> **Material shown**:
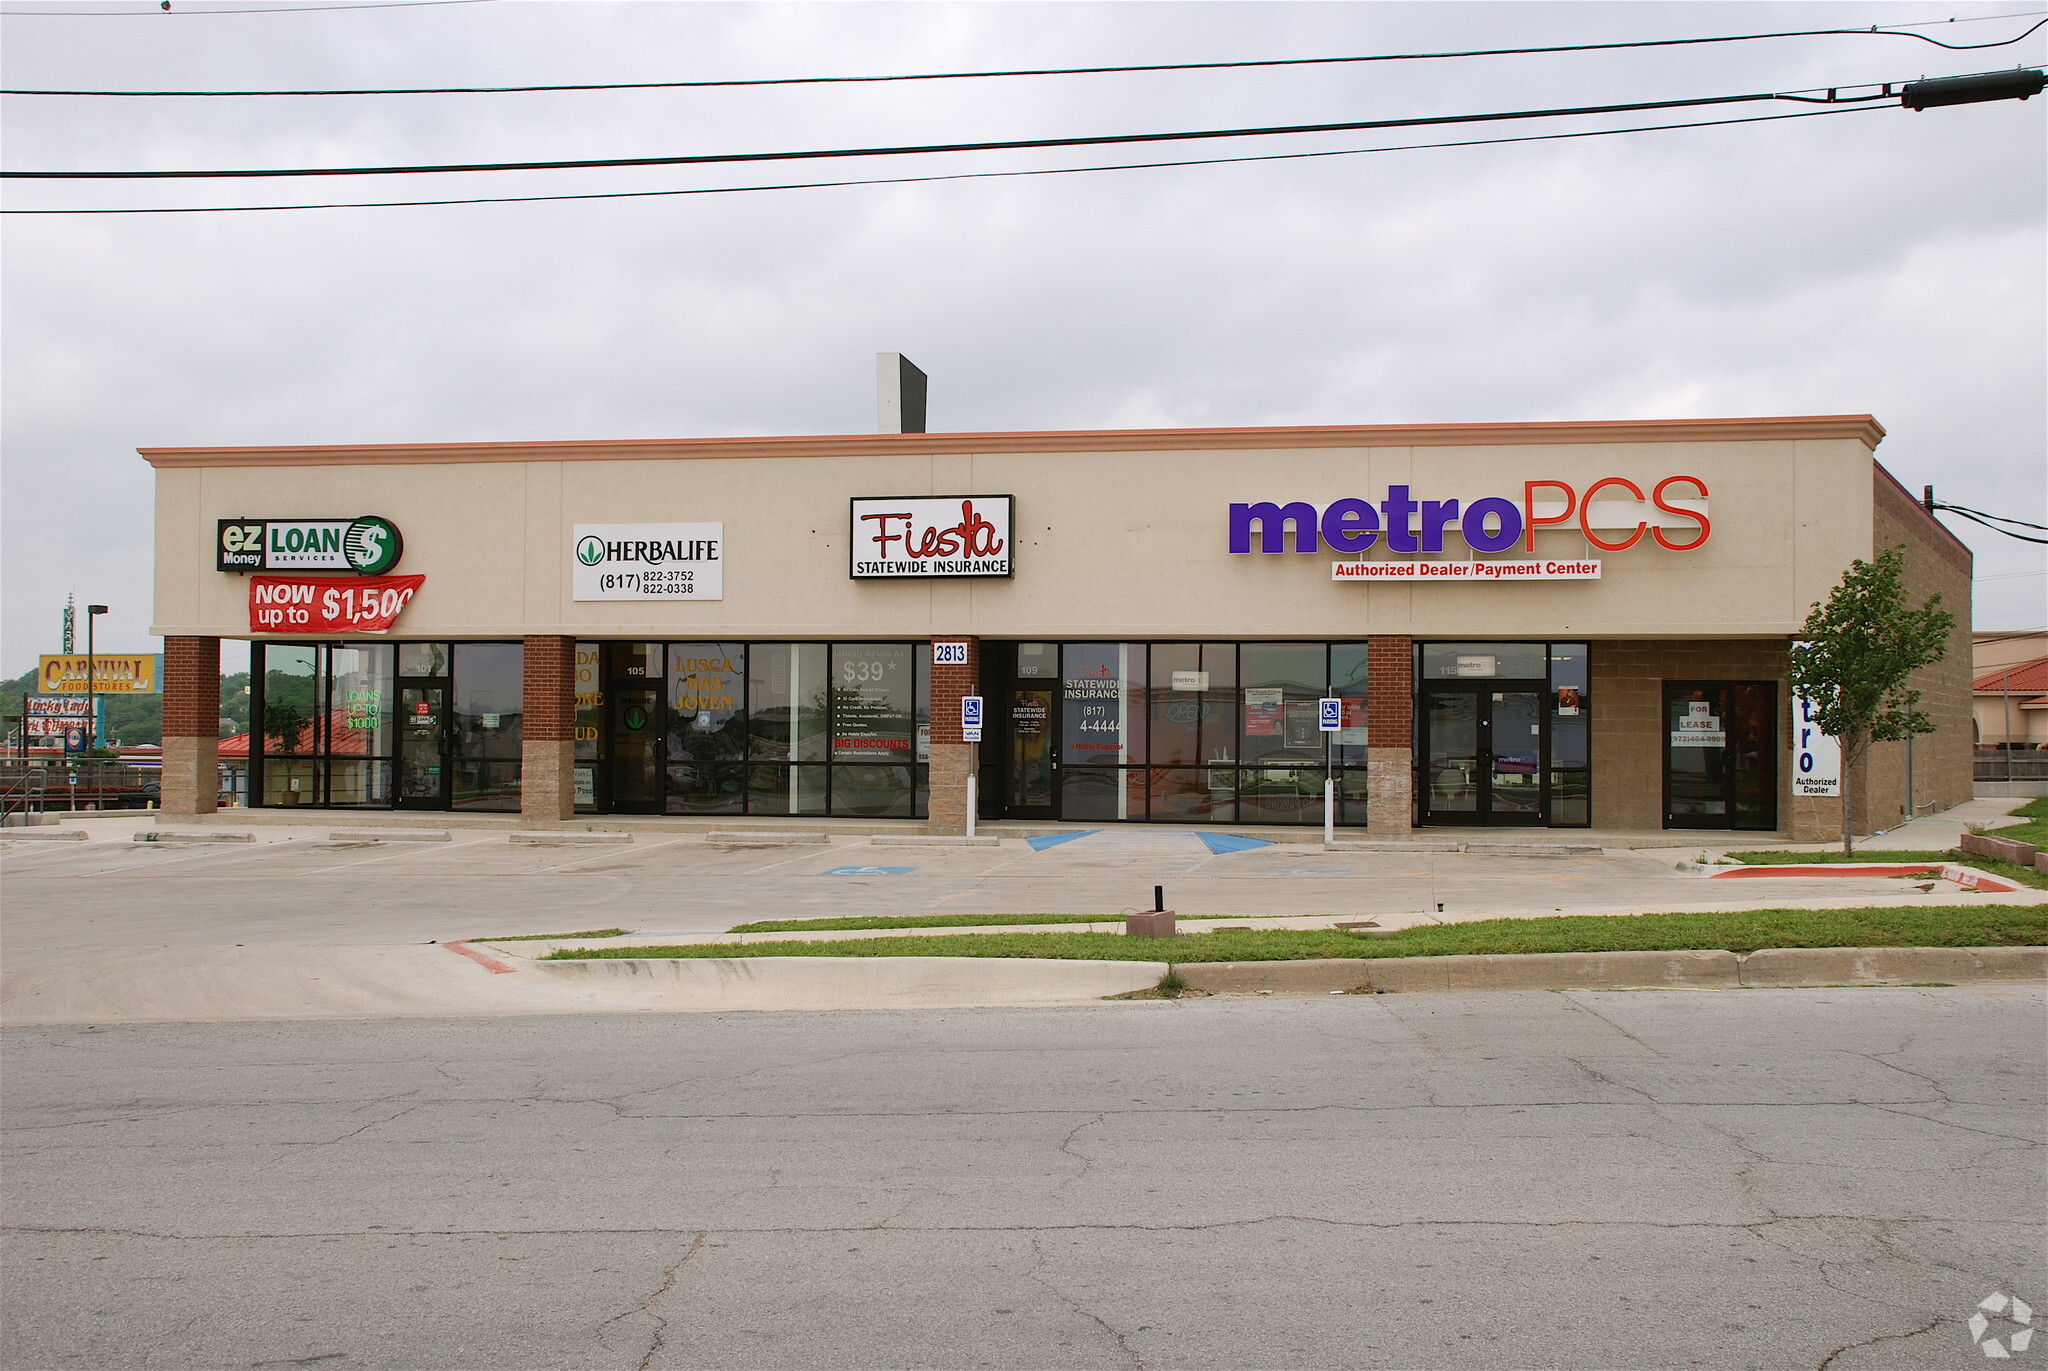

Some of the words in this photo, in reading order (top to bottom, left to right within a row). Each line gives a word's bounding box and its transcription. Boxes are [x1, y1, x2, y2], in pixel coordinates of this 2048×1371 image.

[1228, 475, 1712, 554] metroPCS
[860, 500, 1003, 559] Fiesta
[271, 528, 340, 553] LOAN
[223, 552, 261, 567] Money
[606, 540, 719, 565] HERBALIFE
[856, 561, 928, 574] STATEWIDE
[933, 560, 1007, 573] INSURANCE
[1335, 563, 1415, 576] Authorized
[1545, 561, 1598, 575] Center
[600, 573, 641, 592] (817)
[643, 571, 694, 581] 822-3752
[643, 583, 694, 594] 822-0338
[255, 584, 316, 604] NOW
[258, 608, 284, 628] up
[287, 605, 310, 624] to
[936, 645, 965, 661] 2813
[627, 666, 645, 675] 105
[675, 656, 734, 673] LUSCA
[1020, 666, 1038, 675] 109
[1439, 666, 1457, 675] 115
[45, 660, 149, 690] CARNIVAL
[62, 683, 88, 691] FOOD
[93, 683, 131, 691] STORES
[686, 677, 723, 691] MAS
[345, 689, 382, 702] LOANS
[674, 695, 734, 710] JOVEN
[347, 703, 362, 715] UP
[364, 703, 380, 716] TO
[1083, 706, 1105, 717] (817)
[347, 716, 379, 730] $1000
[1680, 721, 1712, 729] LEASE
[834, 738, 851, 749] BIG
[853, 738, 909, 749] DISCOUNTS
[1795, 777, 1837, 786] Authorized
[1803, 786, 1829, 794] Dealer
[146, 832, 159, 842] EZ

> **Aim of the exercise**: Your job is to repeat the data exactly, leaving each picture out.

> **The completed task**:
Some of the words in this photo, in reading order (top to bottom, left to right within a row). Each line gives a word's bounding box and its transcription. Boxes are [x1, y1, x2, y2], in pixel coordinates of this 2048×1371 image.

[1228, 475, 1712, 554] metroPCS
[860, 500, 1003, 559] Fiesta
[271, 528, 340, 553] LOAN
[223, 552, 261, 567] Money
[606, 540, 719, 565] HERBALIFE
[856, 561, 928, 574] STATEWIDE
[933, 560, 1007, 573] INSURANCE
[1335, 563, 1415, 576] Authorized
[1545, 561, 1598, 575] Center
[600, 573, 641, 592] (817)
[643, 571, 694, 581] 822-3752
[643, 583, 694, 594] 822-0338
[255, 584, 316, 604] NOW
[258, 608, 284, 628] up
[287, 605, 310, 624] to
[936, 645, 965, 661] 2813
[627, 666, 645, 675] 105
[675, 656, 734, 673] LUSCA
[1020, 666, 1038, 675] 109
[1439, 666, 1457, 675] 115
[45, 660, 149, 690] CARNIVAL
[62, 683, 88, 691] FOOD
[93, 683, 131, 691] STORES
[686, 677, 723, 691] MAS
[345, 689, 382, 702] LOANS
[674, 695, 734, 710] JOVEN
[347, 703, 362, 715] UP
[364, 703, 380, 716] TO
[1083, 706, 1105, 717] (817)
[347, 716, 379, 730] $1000
[1680, 721, 1712, 729] LEASE
[834, 738, 851, 749] BIG
[853, 738, 909, 749] DISCOUNTS
[1795, 777, 1837, 786] Authorized
[1803, 786, 1829, 794] Dealer
[146, 832, 159, 842] EZ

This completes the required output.